> [YOUR GOAL] Without the pictures, set down the records below word for word.

> [GIVEN ENTRIES]
####################
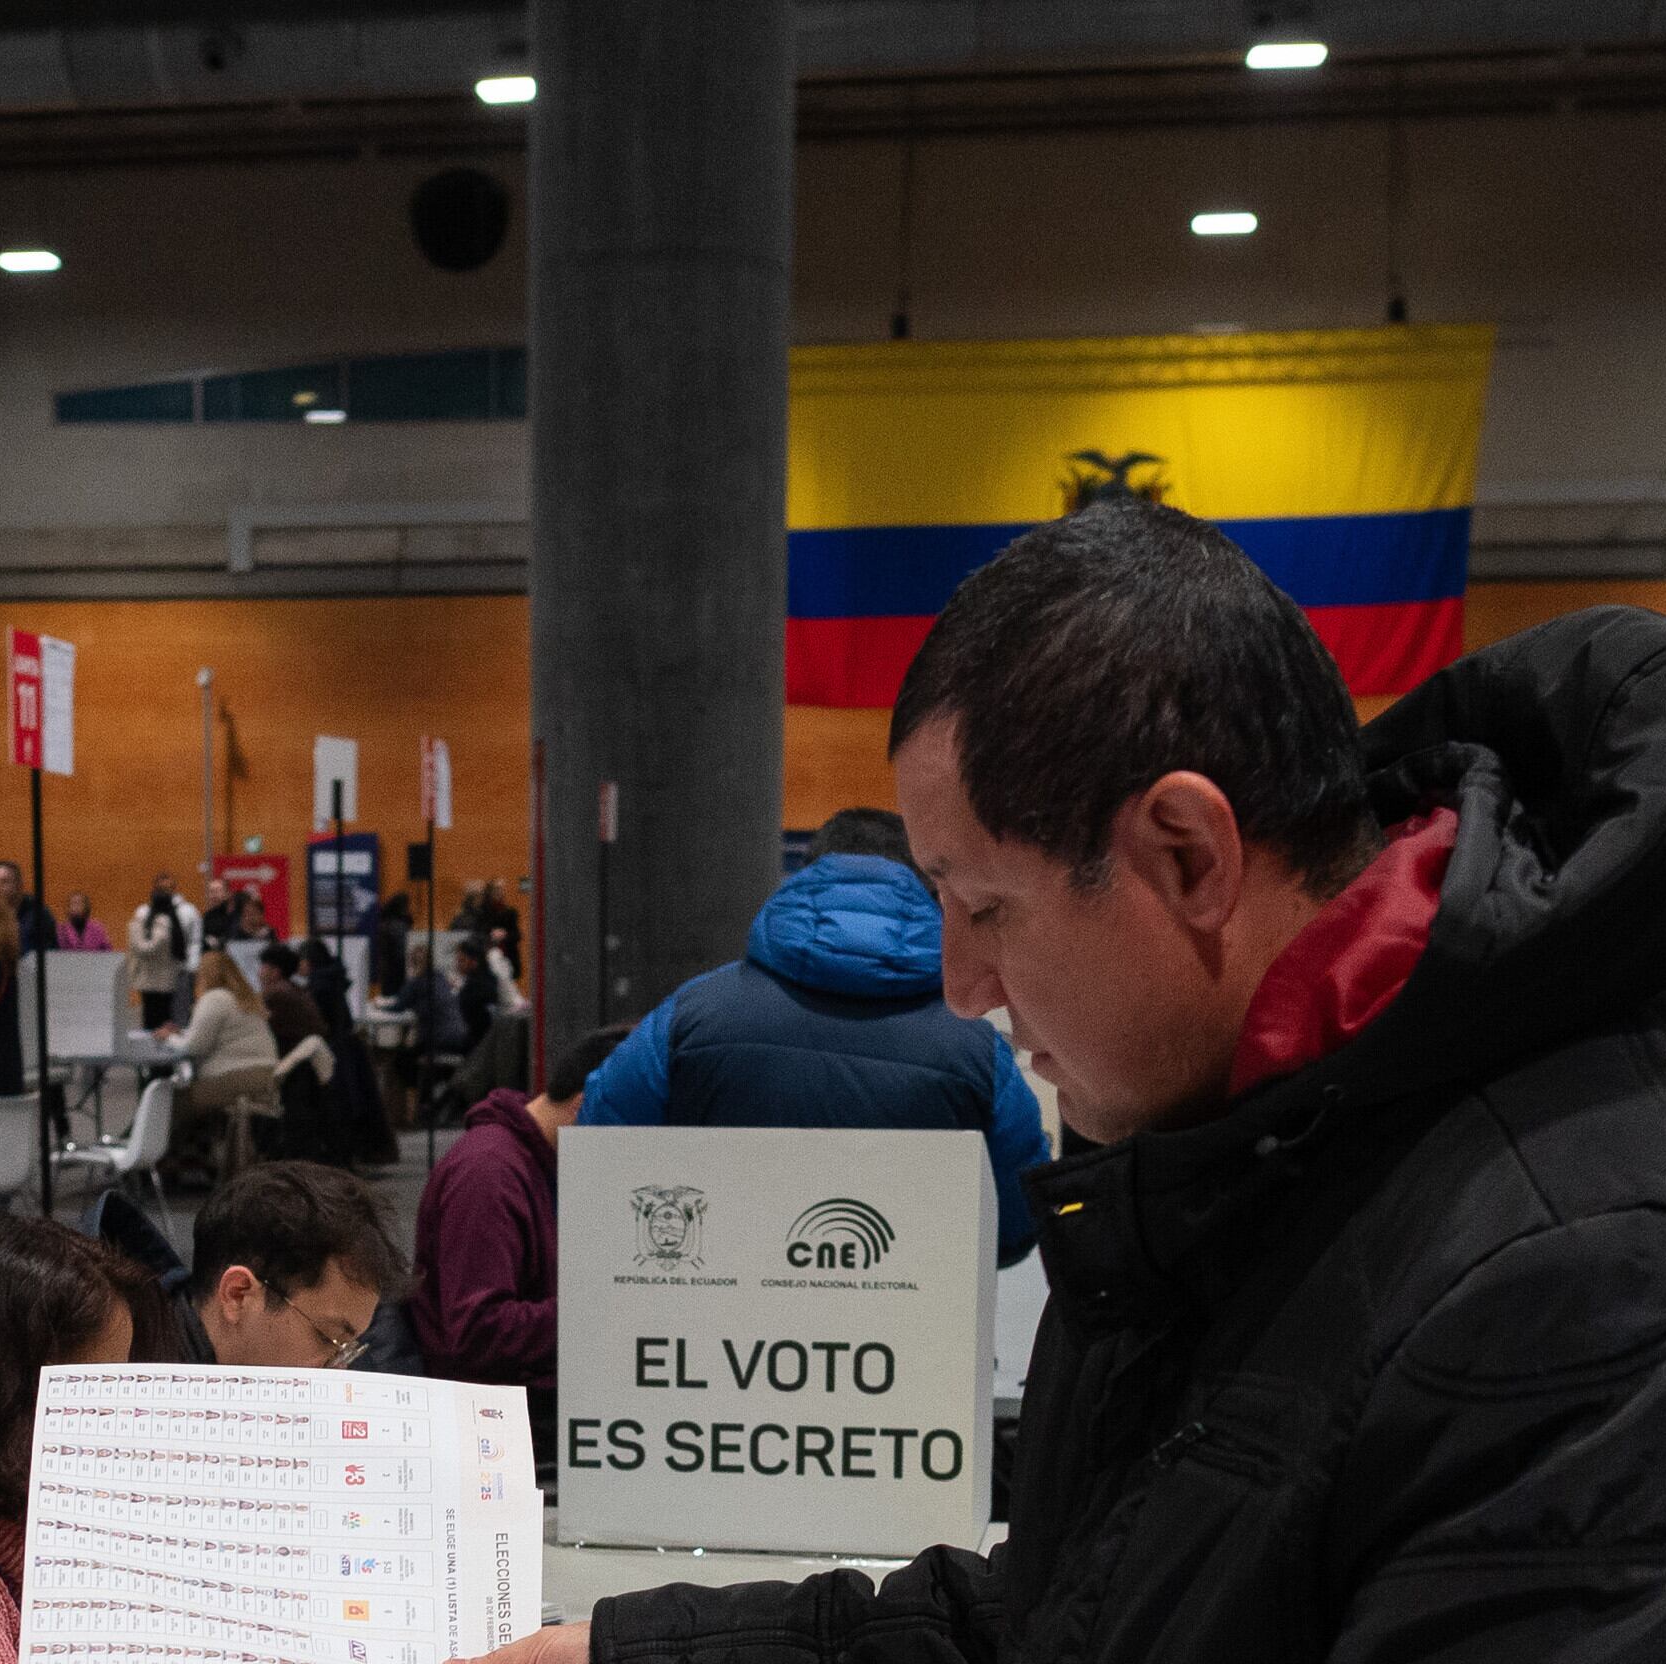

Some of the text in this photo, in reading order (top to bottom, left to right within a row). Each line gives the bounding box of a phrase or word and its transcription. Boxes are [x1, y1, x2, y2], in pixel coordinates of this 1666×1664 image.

[669, 1276, 688, 1286] DEL
[690, 1276, 737, 1287] ECUADOR
[761, 1278, 919, 1291] CONSEJO NACIONAL ELECTORAL
[635, 1337, 896, 1394] EL VOTO
[568, 1418, 964, 1481] ES SECRETO
[446, 1508, 455, 1520] SE
[446, 1523, 456, 1550] ELIGE
[447, 1552, 456, 1574] UNA
[446, 1577, 456, 1590] (1)
[495, 1532, 512, 1619] ELECCIONES
[448, 1593, 457, 1622] LISTA
[449, 1624, 458, 1637] DE
####################
> [RESULT OF THE TASK]
Some of the text in this photo, in reading order (top to bottom, left to right within a row). Each line gives the bounding box of a phrase or word and its transcription. Boxes are [x1, y1, x2, y2], in pixel coordinates of this 1666×1664 image.

[669, 1276, 688, 1286] DEL
[690, 1276, 737, 1287] ECUADOR
[761, 1278, 919, 1291] CONSEJO NACIONAL ELECTORAL
[635, 1337, 896, 1394] EL VOTO
[568, 1418, 964, 1481] ES SECRETO
[446, 1508, 455, 1520] SE
[446, 1523, 456, 1550] ELIGE
[447, 1552, 456, 1574] UNA
[446, 1577, 456, 1590] (1)
[495, 1532, 512, 1619] ELECCIONES
[448, 1593, 457, 1622] LISTA
[449, 1624, 458, 1637] DE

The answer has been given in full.